Advice supporting sensor wireless backhaul technologies and choices for different use cases

There are many options for wireless connectivity - this page of wFD will help you identify which types of wireless backhaul technologies you may want to include in your wireless networking subsystem. Greater detail in how to consider the costs/benefits and capabilities of each of these options are provided in related subsection links.

Wherever possible, we will describe options generically, and in such cases where a specific vendor or commercial product is mentioned, this is not an endorsement - names and brands are included for the sake of example only.

 Modern field sensor system wireless network subsystems tend to be built around one (or more) of the following wireless technologies.  While there are many others not listed here (Zigbee, Sigfox, Shortwave Data Radio) this reflects the most frequently used technologies as part of science support efforts in which we have been involved.

Short Range Wireless Links (meters to 100s of meters)

WiFi: WiFi (Wireless Fidelity) is currently available via unlicensed 2.5/5 Ghz spectrum.
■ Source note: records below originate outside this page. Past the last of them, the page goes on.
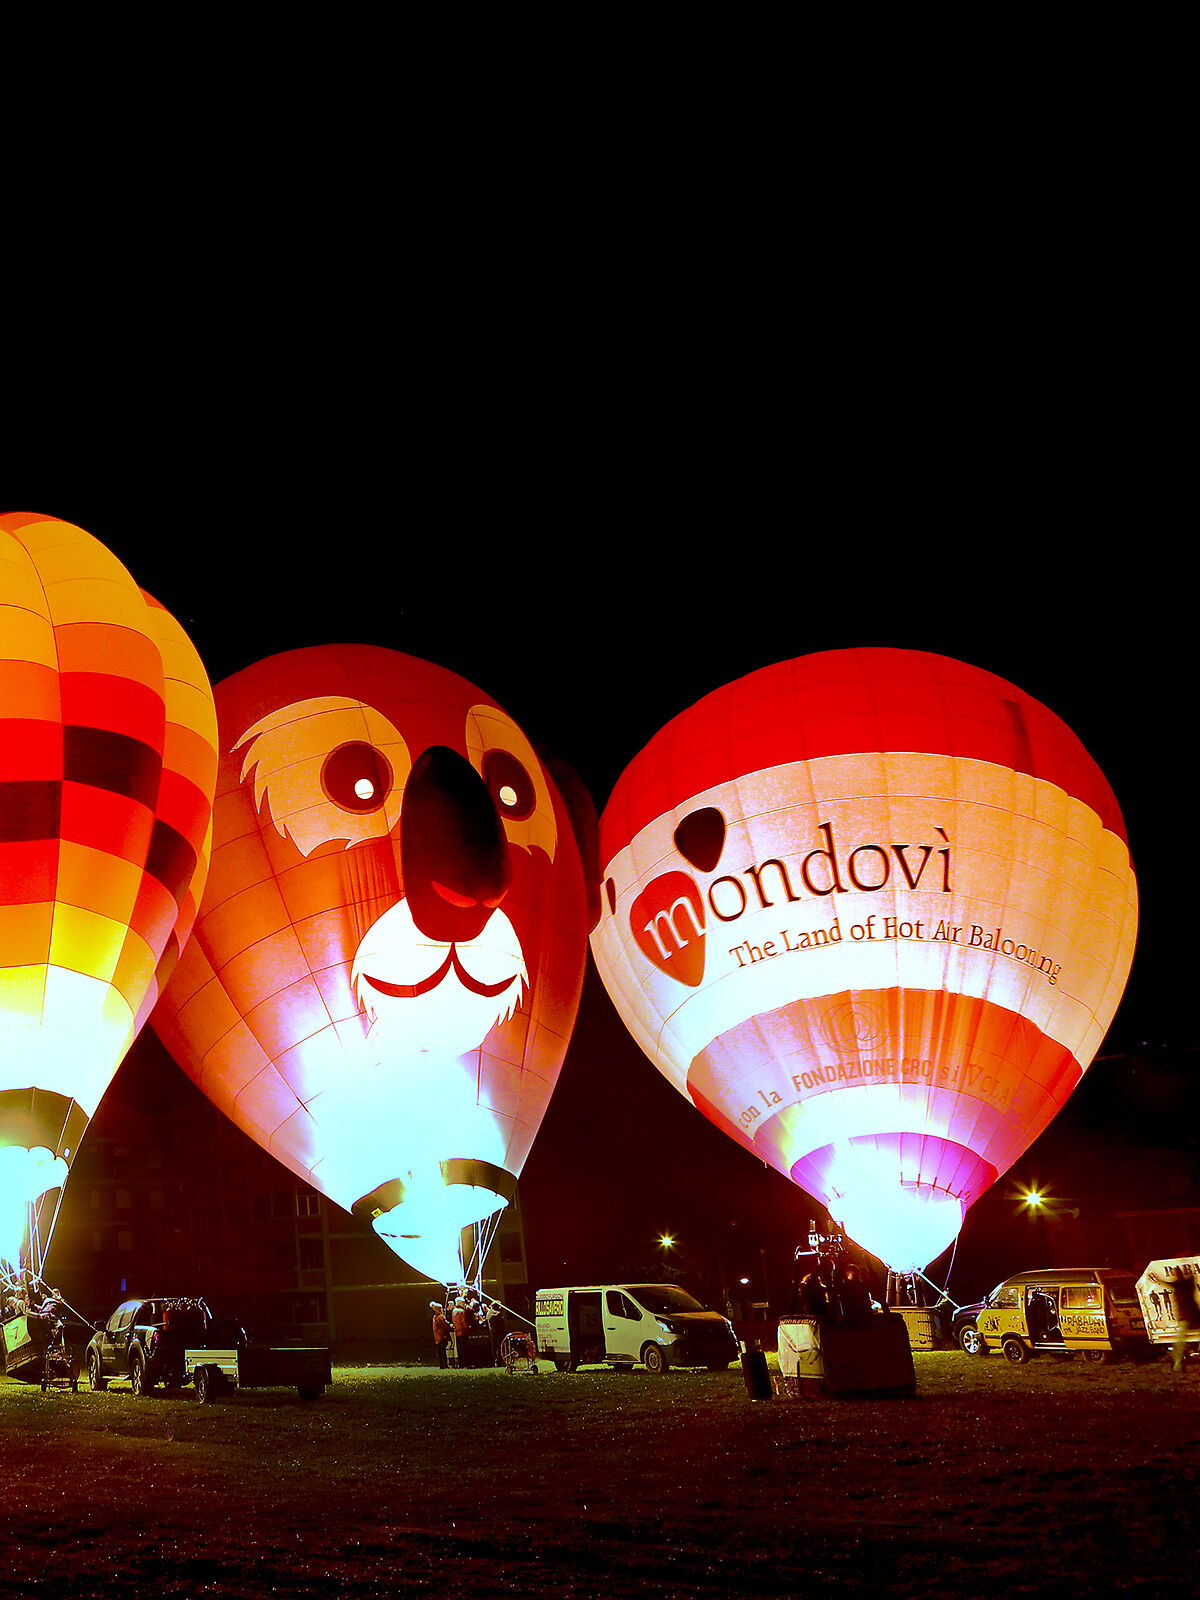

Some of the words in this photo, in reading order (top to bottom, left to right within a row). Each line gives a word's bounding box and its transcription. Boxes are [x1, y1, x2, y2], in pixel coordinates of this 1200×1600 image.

[644, 821, 954, 961] mondovì
[729, 940, 779, 968] The
[779, 917, 843, 952] Land
[849, 914, 877, 940] of
[883, 916, 925, 939] Hot
[931, 919, 963, 943] Air
[738, 1103, 761, 1129] con
[758, 1089, 783, 1108] la
[792, 1058, 895, 1092] FONDAZIONE
[901, 1057, 933, 1078] CRC
WiFi6 which is becoming increasingly available is provided using multiple unlicensed bands between 1 and 7 Ghz.  WiFI5 supports up to 6.9Gb/sec, and WiFi6 can provide up to 9.6 Gb/sec.
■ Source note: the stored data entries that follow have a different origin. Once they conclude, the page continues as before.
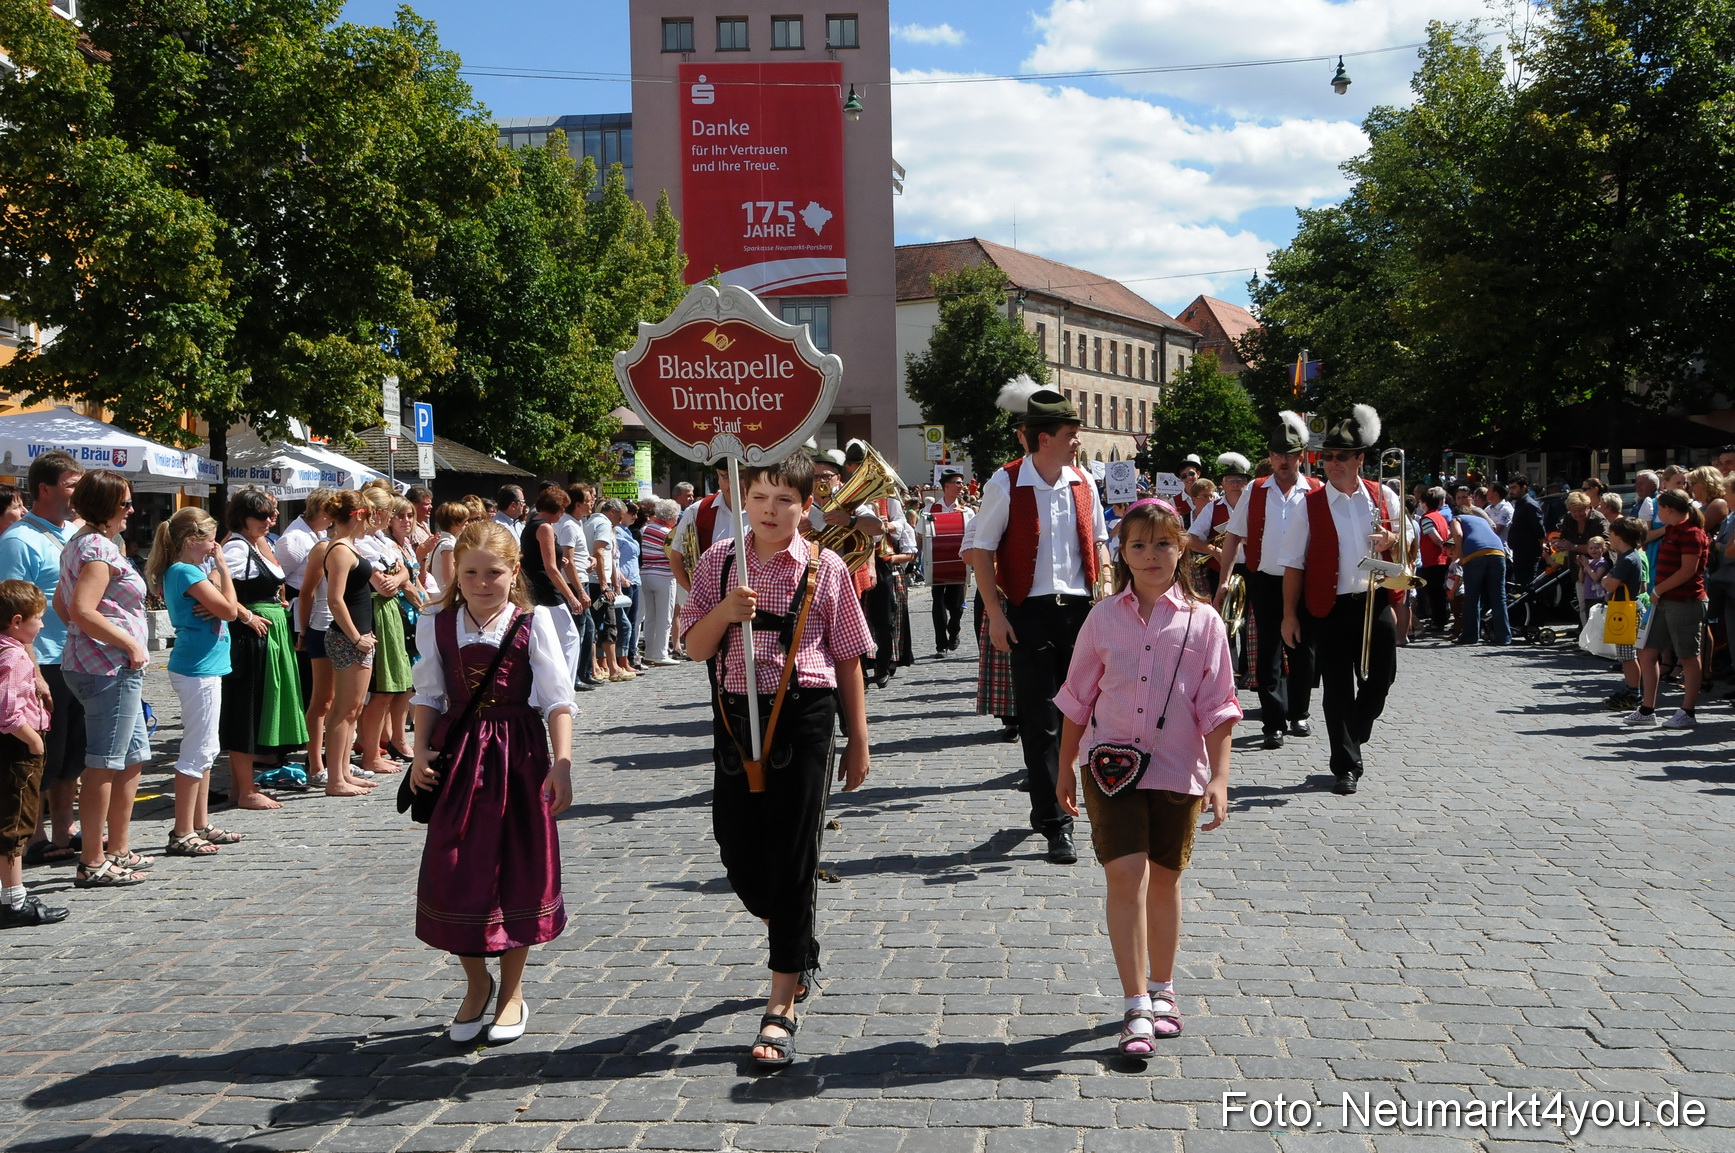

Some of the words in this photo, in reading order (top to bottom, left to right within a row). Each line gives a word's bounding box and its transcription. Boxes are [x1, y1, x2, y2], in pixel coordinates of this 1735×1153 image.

[692, 118, 750, 136] Danke
[692, 144, 708, 156] für
[711, 144, 728, 156] Ihr
[730, 144, 788, 155] Vertrauen
[692, 160, 715, 172] und
[718, 160, 741, 171] Ihre
[743, 160, 780, 171] Treue.
[741, 201, 796, 224] 175
[743, 224, 796, 238] JAHRE
[743, 245, 774, 253] Sparkasse
[775, 244, 833, 252] Neumarkt-Parsberg
[658, 353, 795, 386] Blaskapelle
[670, 386, 785, 411] Dirnhofer
[418, 407, 429, 438] P
[712, 416, 742, 434] Stauf
[81, 446, 110, 461] Bräu
[250, 467, 270, 480] Bräu
[321, 470, 336, 482] Bräu
    • Provision: WiFi is available in almost all campus or facility situations, and in many urban outdoor field settings, via directional wifi antenna. It  is also increasingly being used as part of existing fixed ISP, cable, and cellular "WiFi calling" or "W+" like networks as an inexpensive way to expand coverage in congested areas.
    •  Typical use case characteristics: Low Power, inexpensive, good data throughput, highly dependent on antenna and receiver placement, QoS not a major factor.

Bluetooth: Bluetooth and Bluetooth Low Energy (Bluetooth LE or BLE) use unlicensed shared spectrum in the 2.4 Ghz band to support short range (100m or less) IoT and device communications.  Line of sight is required generally, and the maximum data rate is around 1-2 Mb/sec. 

  • Provision: Bluetooth is designed to support scatternets of up to 8 devices, however it is almost always used for device to device communications, very often supporting streaming such as music from a phone to a headset. Communications can be difficult to maintain and troubleshoot between devices for extended periods, but equipment is inexpensive, uses little power, and is readily available.
  •  Typical use case characteristics: Low Power, inexpensive, low data throughput, highly dependent on antenna and receiver placement, QoS not a major factor.

Medium Range Wireless Links (100s of meters to kilometers)

  • LoRa:  LoRa (Long Range) makes use of unlicensed spectrum in the 600 and 950 Mhz bands supporting relatively low data rates (~253 kbit/sec max) out to a couple of kilometers.  Spectrum available varies by country and LoRA (a physical RF specification) may be used with a variety of communication protocols such as LoRaWAN, MloTy, DASH7, Wi-Fi HaLow, and others. 
    • Provision: LoRa capabilities can be obtained through private deployments as well as from commercial providers.
    • Typical use case characteristics: Low Power, inexpensive, low data throughput, flexible architecture (can support mesh or star architectures), Line of sight available, quality of service not a major factor.

Cellular: Cellular services operate in multiple frequency bands, and have been allocated between 600 Mhz and 39 Ghz in the United States. Spectrum and band allocations vary by country and service may be provided by commercial cellular networks, or by Private Cellular systems using the 3.55-3.70 Ghz band allocated to Citizen Band Radio Systems (CBRS). 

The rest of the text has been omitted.